Recently in The Believer, Judy Berman wrote a piece called “Concerning the Spiritual in Indie Rock” which includes many examples of spirituality cum hip: in Animal Collective, Sufjan Stevens, The Mae Shi, Neutral Milk Hotel, Arcade Fire, Danielson, Ponytail, Dirty Projectors, and Yeasayer. A few of the lyricists are explicitly Christian, some are formerly Christian, and others create spiritual pieces. (No one she cites either draws heavily from religious texts or identifies as Jewish.) She says that as music fans we become worshipers.
Indie rock is (one way) how we contemplate life questions/spiritualist in our secular culture:
These days, mainstream religion feels largely divorced from metaphysics. The language of good and evil has been co-opted in the service of countless holy wars, and Christian leaders spend more time railing against gay marriage than debating the nature of the human soul. Those of us who can’t buy into these crusades must find other marvels to contemplate.

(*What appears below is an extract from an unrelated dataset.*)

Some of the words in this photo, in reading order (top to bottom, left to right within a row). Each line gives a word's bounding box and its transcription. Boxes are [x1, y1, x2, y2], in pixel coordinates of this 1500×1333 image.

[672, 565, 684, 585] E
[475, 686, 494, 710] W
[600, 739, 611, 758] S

As Keating recognizes, art may help to fill a void left by organized religion: Indie rock’s predominantly young, urban, and irreligious audience kneels to worship at the foot of a stage. Bible study is replaced by ritualistic listening and re-listening to tease out the meaning or simply bask in the bliss of favorite albums.

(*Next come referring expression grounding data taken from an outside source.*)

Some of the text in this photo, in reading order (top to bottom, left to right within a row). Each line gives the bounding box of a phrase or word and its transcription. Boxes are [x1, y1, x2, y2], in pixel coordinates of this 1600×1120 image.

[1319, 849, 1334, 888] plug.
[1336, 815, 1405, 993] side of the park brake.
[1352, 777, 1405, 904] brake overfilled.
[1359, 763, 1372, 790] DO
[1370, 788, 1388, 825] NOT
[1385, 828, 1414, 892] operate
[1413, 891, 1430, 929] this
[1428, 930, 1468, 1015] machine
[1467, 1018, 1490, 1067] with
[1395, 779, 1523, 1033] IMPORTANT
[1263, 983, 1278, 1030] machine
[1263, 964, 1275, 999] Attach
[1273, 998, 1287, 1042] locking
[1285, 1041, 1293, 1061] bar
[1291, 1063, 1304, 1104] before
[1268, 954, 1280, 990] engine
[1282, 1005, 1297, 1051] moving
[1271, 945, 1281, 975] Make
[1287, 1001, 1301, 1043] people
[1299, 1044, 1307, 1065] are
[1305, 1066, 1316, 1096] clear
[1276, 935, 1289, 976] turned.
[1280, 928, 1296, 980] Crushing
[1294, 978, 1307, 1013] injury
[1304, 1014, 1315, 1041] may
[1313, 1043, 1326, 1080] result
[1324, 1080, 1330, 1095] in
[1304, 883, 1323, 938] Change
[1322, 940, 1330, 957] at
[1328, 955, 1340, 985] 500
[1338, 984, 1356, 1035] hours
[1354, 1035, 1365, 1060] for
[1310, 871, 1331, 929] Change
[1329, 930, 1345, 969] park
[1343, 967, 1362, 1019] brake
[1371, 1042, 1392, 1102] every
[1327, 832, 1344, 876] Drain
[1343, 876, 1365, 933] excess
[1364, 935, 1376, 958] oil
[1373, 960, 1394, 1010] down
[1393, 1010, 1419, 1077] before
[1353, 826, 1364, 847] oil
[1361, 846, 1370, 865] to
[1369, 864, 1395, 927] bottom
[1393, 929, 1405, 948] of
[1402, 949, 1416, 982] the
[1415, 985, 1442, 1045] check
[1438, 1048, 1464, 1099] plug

Girls in Trouble, who I saw first at the Bushwick Reading Club (The Bible), uses the Bible to great effect. By taking on the voices of women characters from Old Testament stories who are often mistreated, exiled, and victimized, singer and violinist Alicia Jo Rabins complicates stories of good and evil by filling them with feeling. Alongside her Aaron plays upright bass.
She adopts the voices of Miriam, Jephthah’s daughter, and others. Atop anguished melodies, Rabins’ easily discerned lyrics are pained yet poetic. The simplicity of the story lines and the desert fauna diction blend happily in folk songs sung to God. Though traditionally voiceless, the women and their plight and power is pretty moving.
Rabins introduces each song as a distinct character. “This next song is about how I found myself in the tent of the enemy general in my favorite dress with a knife strapped to my leg.” I tried to remember which story that was. Delilah and Samson? It was like Amish trivia night.
The Bible is epic, sincere, and de rigeur -Rabins blogs about how The Mountain Goats are coming out with a record of Biblical songs.
Listening to Girls in Trouble doesn’t bring you to a state of reverie. It’s not techno or soundscapes or whatever you call The Mae Shi. It’s personal, tragic, and slow. The spirituality doesn’t come from a whipped up frenzy where “time and space get disrupted” or “band and audience members fuse into an army of true believers, baptized in sweat and whinnying in tongues (Berman).”
Even if I don’t believe in God, hearing Rabins’ embodiment of devotion made me a stunned witness of centuries of study, worship, questioning, and storytelling — the actions that got the original girls in trouble and what ushered the potent songs by the new Girls in Trouble.
Girls in Trouble play again at Pete’s Candy Store on August 27th. Their album comes out on JDub records in October. They live near where we live.